鏡の中の自分の姿をまじまじ見たエルシャは無慈悲に言い放つ。

「まだ髪留めがズレていますね、やり直してください」
「………はい」

 生花で作られた髪留めがズレている事を指摘されたケイト。
かれこれ五回目のやり直し宣告を受けたケイトは肩を落としながら調整する。
エルシャとしては全く悪気はないのだ、王太子の婚約者としては身だしなみに関して完璧でなくてはいけない。
そしてそれは生まれてから今までずっと続いてきたこと、それが当たり前であったためそのようにしているだけなのだ。

ただ、おおらかなケイトにとってはキツイものがあった。

 エルシャは自分が着ている結婚式用のドレスを眺める。
ケヴィンの母親が結婚の際に着たのだという随分と古い若干王国東部を思わせる意匠でシンプルなものであった。

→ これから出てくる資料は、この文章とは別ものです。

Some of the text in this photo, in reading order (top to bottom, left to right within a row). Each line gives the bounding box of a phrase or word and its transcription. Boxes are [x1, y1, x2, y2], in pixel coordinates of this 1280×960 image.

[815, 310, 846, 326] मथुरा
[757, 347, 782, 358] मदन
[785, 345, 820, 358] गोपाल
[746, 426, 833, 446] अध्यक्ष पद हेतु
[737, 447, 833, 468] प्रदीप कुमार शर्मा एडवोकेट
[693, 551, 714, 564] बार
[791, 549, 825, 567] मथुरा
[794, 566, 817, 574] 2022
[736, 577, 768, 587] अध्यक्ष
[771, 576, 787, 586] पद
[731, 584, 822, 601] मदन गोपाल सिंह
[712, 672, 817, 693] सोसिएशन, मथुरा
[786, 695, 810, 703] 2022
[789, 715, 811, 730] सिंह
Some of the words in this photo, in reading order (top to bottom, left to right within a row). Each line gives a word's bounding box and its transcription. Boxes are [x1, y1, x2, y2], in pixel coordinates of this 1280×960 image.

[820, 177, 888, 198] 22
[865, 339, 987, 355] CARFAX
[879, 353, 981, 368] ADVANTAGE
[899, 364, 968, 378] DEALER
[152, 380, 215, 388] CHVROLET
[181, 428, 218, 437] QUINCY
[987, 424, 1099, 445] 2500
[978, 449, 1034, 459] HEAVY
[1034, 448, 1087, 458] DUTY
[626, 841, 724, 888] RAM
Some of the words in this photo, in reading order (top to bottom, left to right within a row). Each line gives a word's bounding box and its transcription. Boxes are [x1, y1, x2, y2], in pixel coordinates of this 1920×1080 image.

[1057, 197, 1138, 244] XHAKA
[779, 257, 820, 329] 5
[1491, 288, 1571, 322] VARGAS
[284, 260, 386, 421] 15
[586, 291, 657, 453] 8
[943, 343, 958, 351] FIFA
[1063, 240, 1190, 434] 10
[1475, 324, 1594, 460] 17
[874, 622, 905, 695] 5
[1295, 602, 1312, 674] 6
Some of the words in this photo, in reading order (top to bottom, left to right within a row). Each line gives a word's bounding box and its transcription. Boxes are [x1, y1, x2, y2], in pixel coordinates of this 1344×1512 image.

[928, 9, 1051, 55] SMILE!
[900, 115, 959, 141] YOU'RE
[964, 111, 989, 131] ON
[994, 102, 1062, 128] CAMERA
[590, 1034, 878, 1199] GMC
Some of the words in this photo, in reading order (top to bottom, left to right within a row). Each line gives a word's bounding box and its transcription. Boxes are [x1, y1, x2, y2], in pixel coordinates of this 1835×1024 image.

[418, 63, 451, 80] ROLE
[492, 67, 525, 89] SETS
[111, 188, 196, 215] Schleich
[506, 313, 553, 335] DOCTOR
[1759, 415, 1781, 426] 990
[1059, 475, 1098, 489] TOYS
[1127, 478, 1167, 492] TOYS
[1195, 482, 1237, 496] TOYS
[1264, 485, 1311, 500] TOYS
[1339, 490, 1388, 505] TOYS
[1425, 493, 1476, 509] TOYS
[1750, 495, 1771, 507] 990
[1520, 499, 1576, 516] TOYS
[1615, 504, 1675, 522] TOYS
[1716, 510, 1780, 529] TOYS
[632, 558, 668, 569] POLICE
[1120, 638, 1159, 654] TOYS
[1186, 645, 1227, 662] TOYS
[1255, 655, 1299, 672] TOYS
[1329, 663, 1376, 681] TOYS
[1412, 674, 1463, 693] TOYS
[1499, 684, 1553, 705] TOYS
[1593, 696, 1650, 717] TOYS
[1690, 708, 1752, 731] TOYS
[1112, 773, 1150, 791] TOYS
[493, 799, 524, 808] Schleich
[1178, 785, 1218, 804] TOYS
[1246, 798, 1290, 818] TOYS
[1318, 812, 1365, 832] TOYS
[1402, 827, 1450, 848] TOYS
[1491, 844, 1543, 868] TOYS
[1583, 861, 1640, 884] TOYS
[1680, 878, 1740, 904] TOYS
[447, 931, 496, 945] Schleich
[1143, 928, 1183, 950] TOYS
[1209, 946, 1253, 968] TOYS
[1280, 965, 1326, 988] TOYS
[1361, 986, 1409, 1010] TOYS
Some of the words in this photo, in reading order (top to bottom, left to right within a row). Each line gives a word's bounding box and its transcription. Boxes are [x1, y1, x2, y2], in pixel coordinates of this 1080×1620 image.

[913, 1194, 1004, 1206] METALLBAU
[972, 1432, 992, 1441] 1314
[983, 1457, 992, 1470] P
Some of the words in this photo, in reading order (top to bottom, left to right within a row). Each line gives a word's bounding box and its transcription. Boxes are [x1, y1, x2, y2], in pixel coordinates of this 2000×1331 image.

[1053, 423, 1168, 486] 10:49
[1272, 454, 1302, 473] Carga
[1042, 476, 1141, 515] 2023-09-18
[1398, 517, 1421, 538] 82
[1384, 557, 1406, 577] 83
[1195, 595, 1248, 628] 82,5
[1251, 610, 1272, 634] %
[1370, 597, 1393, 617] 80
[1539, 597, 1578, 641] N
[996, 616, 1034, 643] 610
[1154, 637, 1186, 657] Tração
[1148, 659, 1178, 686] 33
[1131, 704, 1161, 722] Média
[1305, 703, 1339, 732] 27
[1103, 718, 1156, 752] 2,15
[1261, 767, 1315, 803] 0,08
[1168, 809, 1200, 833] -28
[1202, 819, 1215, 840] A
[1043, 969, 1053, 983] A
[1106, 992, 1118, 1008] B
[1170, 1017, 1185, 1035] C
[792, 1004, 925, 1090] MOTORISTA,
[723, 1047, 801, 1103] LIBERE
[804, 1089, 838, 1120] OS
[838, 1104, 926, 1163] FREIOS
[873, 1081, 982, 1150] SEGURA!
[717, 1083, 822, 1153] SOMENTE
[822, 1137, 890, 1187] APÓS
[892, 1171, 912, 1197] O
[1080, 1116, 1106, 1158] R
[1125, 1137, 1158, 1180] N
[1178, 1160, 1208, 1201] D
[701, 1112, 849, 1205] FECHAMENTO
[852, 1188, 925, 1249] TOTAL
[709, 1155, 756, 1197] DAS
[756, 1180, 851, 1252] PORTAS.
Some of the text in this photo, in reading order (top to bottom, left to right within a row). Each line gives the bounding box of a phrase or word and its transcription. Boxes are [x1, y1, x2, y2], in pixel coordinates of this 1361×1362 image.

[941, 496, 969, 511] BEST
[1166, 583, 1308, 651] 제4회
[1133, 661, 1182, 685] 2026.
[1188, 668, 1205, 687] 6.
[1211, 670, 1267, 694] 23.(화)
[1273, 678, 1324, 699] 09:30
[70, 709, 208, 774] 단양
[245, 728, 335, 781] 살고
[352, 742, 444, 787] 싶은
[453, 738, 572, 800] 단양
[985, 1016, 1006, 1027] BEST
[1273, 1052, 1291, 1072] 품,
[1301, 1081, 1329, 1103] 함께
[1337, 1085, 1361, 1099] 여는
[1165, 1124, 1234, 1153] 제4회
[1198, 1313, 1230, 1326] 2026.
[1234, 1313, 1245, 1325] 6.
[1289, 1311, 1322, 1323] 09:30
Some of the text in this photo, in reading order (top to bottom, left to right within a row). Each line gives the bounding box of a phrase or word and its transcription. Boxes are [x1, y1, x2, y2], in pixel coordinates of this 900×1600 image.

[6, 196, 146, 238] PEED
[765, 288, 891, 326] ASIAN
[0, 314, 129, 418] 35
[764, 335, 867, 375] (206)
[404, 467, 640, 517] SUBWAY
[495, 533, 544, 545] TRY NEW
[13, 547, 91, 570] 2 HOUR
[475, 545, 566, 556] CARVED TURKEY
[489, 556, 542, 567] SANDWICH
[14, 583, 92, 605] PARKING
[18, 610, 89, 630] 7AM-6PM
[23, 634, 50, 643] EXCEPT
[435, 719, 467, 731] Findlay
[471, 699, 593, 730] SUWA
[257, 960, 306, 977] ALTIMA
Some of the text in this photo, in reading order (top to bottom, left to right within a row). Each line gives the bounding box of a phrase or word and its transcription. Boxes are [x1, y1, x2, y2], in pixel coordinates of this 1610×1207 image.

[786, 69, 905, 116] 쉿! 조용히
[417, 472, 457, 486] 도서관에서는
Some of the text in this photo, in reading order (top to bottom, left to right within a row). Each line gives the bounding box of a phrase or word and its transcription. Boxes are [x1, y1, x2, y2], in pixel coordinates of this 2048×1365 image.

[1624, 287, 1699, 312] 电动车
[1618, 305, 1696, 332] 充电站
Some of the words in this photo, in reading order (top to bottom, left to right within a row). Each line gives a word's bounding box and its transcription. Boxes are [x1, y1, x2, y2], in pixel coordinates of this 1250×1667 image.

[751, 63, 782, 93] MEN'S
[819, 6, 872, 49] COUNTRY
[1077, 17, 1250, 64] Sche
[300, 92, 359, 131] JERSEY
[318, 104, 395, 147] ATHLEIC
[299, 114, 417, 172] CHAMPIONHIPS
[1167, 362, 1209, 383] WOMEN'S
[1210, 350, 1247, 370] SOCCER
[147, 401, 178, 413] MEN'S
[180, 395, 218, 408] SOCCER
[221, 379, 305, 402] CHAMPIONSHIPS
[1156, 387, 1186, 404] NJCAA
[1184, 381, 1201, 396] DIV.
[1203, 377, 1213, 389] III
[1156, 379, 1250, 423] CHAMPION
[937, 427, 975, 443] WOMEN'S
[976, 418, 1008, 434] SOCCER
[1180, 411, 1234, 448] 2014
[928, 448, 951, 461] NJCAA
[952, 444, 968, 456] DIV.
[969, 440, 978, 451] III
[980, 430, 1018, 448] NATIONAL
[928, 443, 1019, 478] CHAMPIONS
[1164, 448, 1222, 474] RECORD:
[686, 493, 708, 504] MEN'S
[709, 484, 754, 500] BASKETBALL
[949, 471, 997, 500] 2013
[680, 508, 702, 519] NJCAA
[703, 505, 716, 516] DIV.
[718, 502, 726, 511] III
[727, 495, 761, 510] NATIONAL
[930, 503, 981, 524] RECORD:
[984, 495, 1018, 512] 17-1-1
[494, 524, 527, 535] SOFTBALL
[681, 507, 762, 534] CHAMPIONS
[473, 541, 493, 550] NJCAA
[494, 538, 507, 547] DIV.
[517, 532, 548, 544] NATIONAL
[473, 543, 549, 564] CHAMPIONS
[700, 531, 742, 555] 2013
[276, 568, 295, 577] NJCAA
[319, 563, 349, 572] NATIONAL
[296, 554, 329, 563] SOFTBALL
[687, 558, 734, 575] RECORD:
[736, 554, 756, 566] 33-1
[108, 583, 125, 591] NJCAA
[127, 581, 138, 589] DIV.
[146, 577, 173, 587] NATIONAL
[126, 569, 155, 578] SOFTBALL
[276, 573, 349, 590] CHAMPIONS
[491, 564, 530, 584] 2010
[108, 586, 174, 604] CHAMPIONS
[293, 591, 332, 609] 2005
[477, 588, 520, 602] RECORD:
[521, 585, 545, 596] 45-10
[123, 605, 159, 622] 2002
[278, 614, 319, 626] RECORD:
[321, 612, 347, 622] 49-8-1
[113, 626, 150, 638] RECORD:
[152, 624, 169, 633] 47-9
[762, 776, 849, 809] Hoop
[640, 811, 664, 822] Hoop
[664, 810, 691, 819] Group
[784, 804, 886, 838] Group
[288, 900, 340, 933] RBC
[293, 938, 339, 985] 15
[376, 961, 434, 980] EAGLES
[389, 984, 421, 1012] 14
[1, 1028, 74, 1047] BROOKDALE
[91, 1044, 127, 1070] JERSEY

 ついこの前までは自分が着る衣装の打ち合わせもして、次期王妃として恥ずかしくない豪華な物を用意していたのだ。
自分がこれを着ることに誇りと緊張を持っており、体型、肌の手入れ、儀礼などを完璧にこなすために日夜努力をしていたはずだったのだが…

 もう一度自分の姿をマジマジと見つめる。
かなり古いものと聞いているが、状態は非常にいいもので突然の話で用意された物としてはこれ以上にないものであろう。
しいてあげれば胸が少し苦しく、システィーナに胸を強調しろというアドバイスをどうにもならなかったことだろうか。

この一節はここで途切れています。